October 12, 2000 7:57 AM   Subscribe


 
Such as: "if you're having an illegal kegger, don't buy Bud."

I mean, he's right. But from the mouth of someone who peddles a beer containing rice, you have to wonder.
posted by holgate at 8:08 AM on October 12, 2000


Crocodile tears.

Considering how stinking expensive college tuition is, how about, I dunno, concentrating on getting your degree and not getting sh*tfaced?

AB and co is looking for mo money, mo money. Pure and simple.

posted by ethmar at 8:20 AM on October 12, 2000


Some of us were able to concentrate on getting our degree and getting 'faced, thank you.

But not on Bud.
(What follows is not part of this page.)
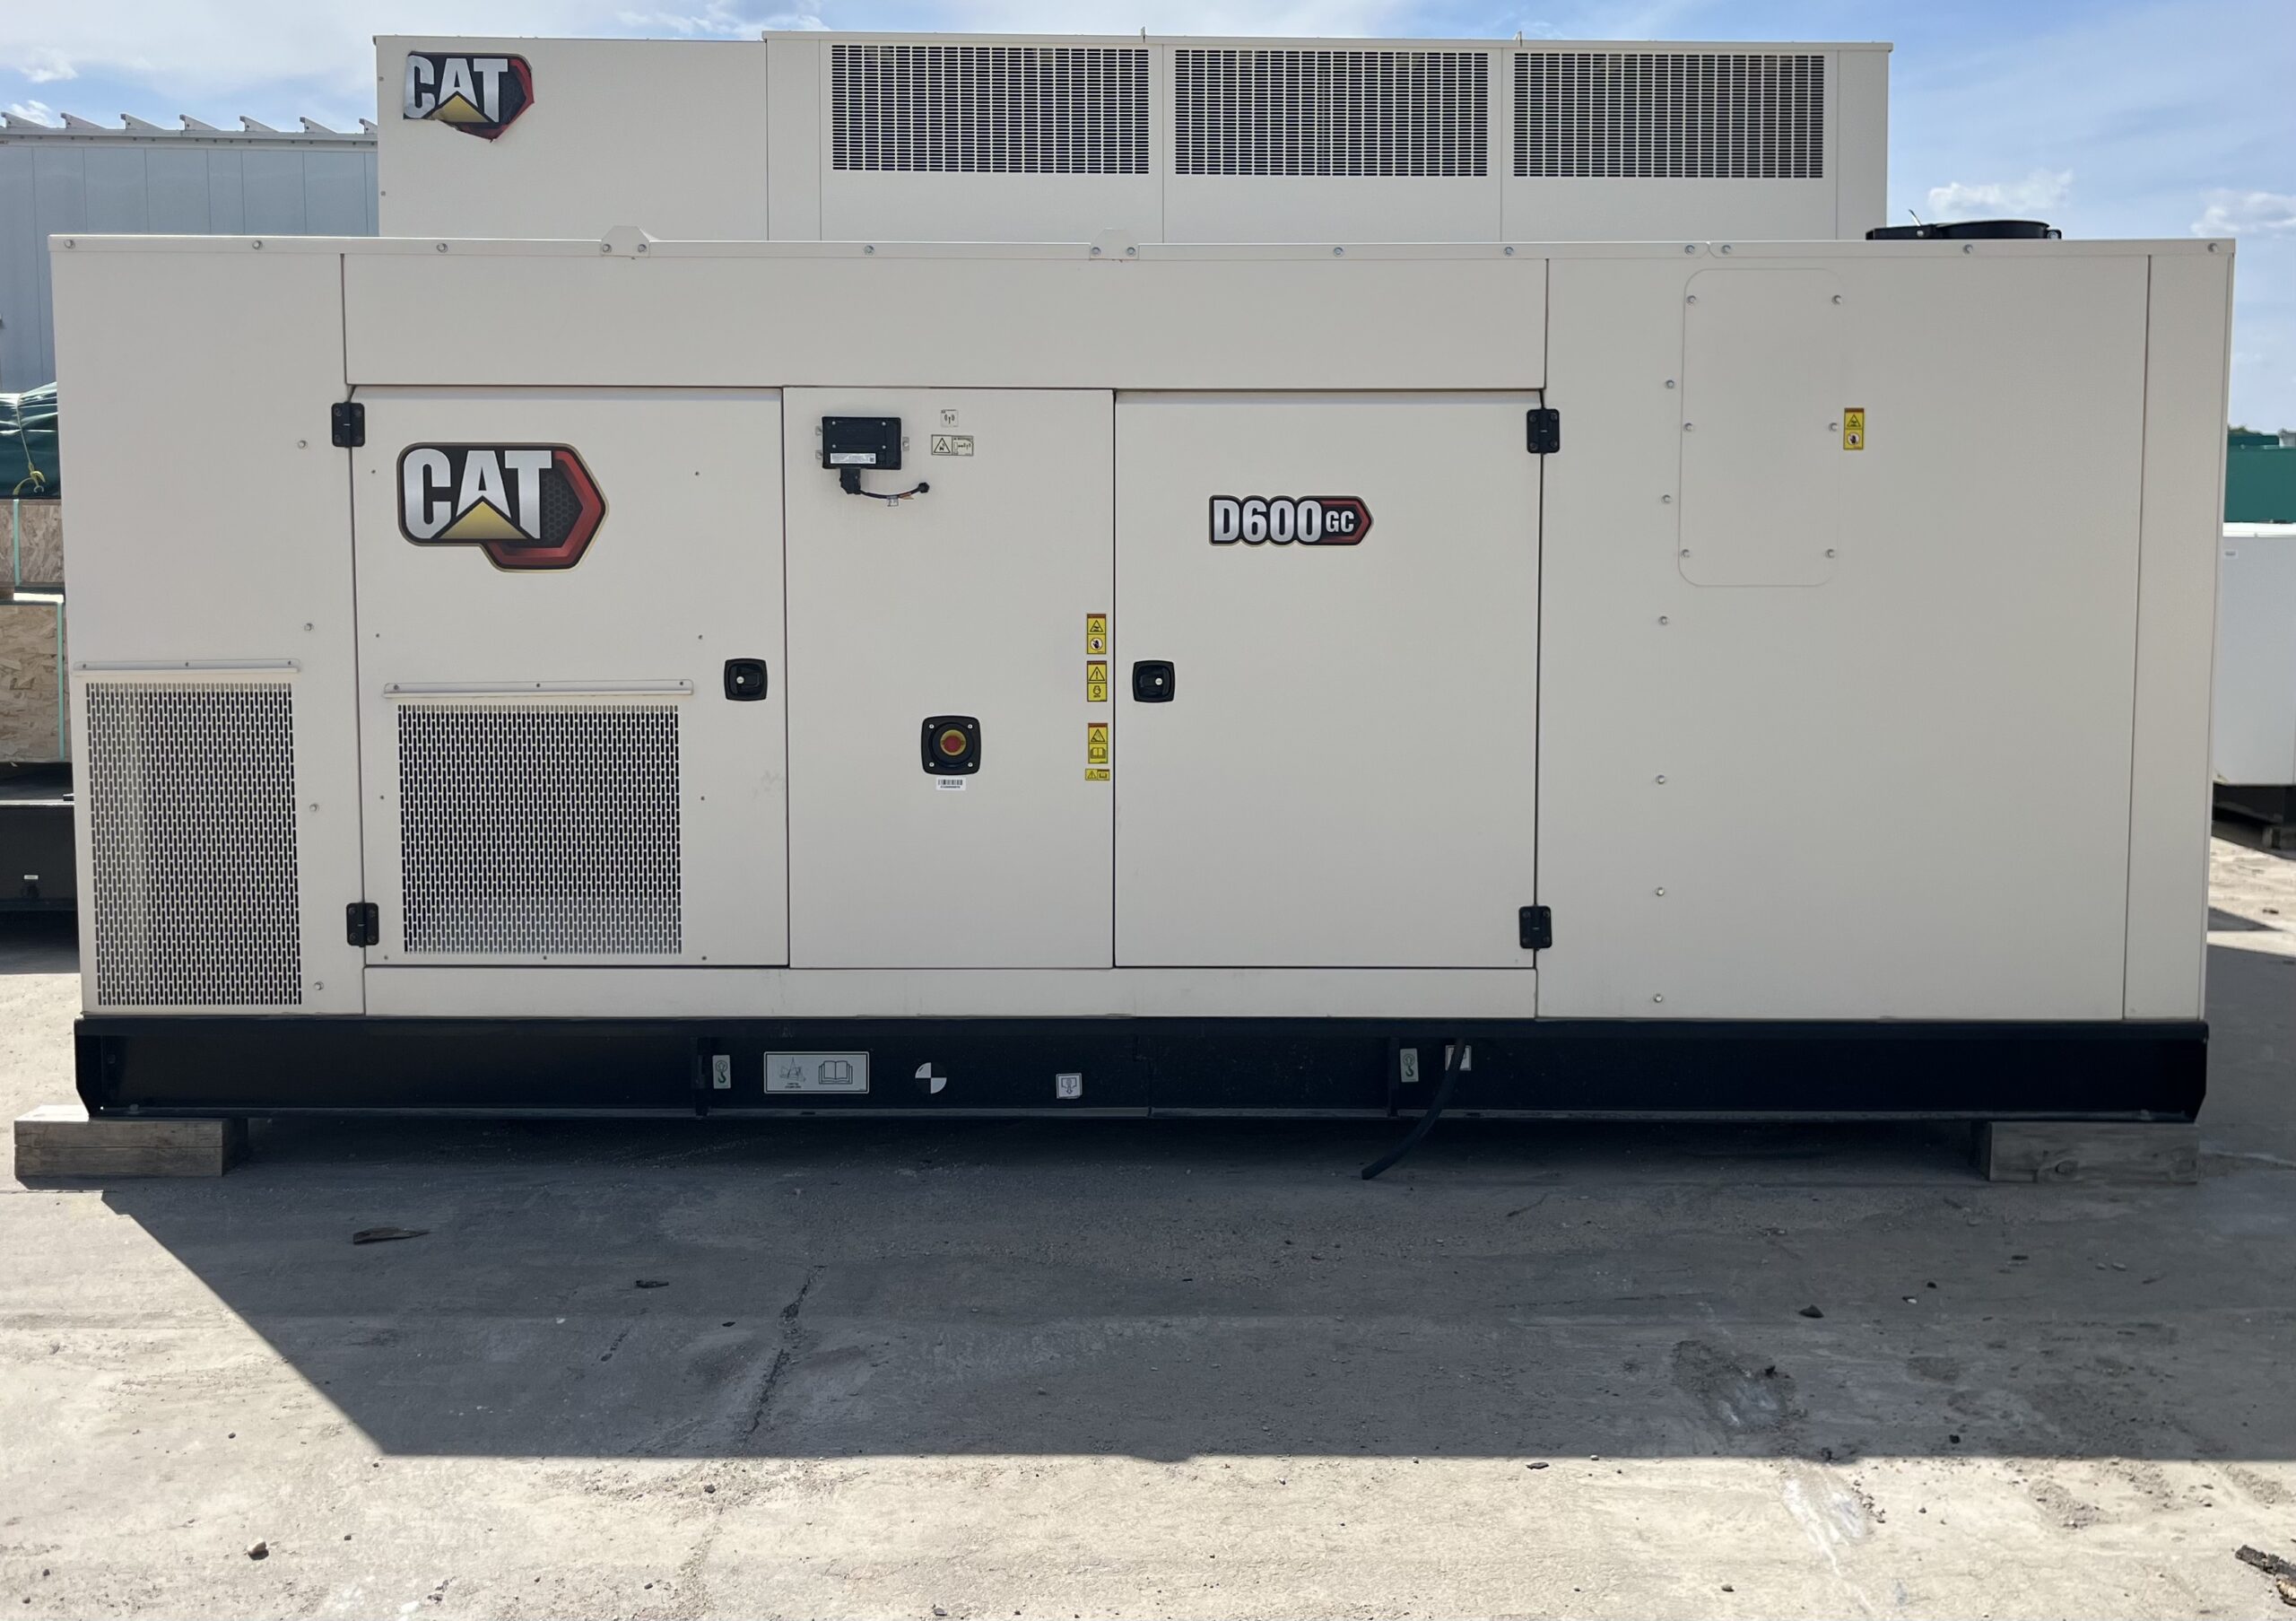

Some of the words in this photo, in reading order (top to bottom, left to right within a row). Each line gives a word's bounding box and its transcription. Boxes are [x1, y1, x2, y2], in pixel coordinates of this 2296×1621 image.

Egad, no.

And this isn't a big problem in Europe, where drinking is accepted and binge-drinking is dismissed as juvenille. If college students were more like Europeans, they'd be giving themselves lung cancer instead of liver damage.
posted by snarkout at 8:29 AM on October 12, 2000


Considering how stinking expensive college tuition is, how about, I dunno, concentrating on getting your degree and not getting sh*tfaced?

I disagree, because getting pissed -- primarily in the subsidised college-run bar -- is as much part of the college experience here as writing essays. And seeing as British undergraduate education pretty much outstrips that in the US, I don't think we've suffered too badly.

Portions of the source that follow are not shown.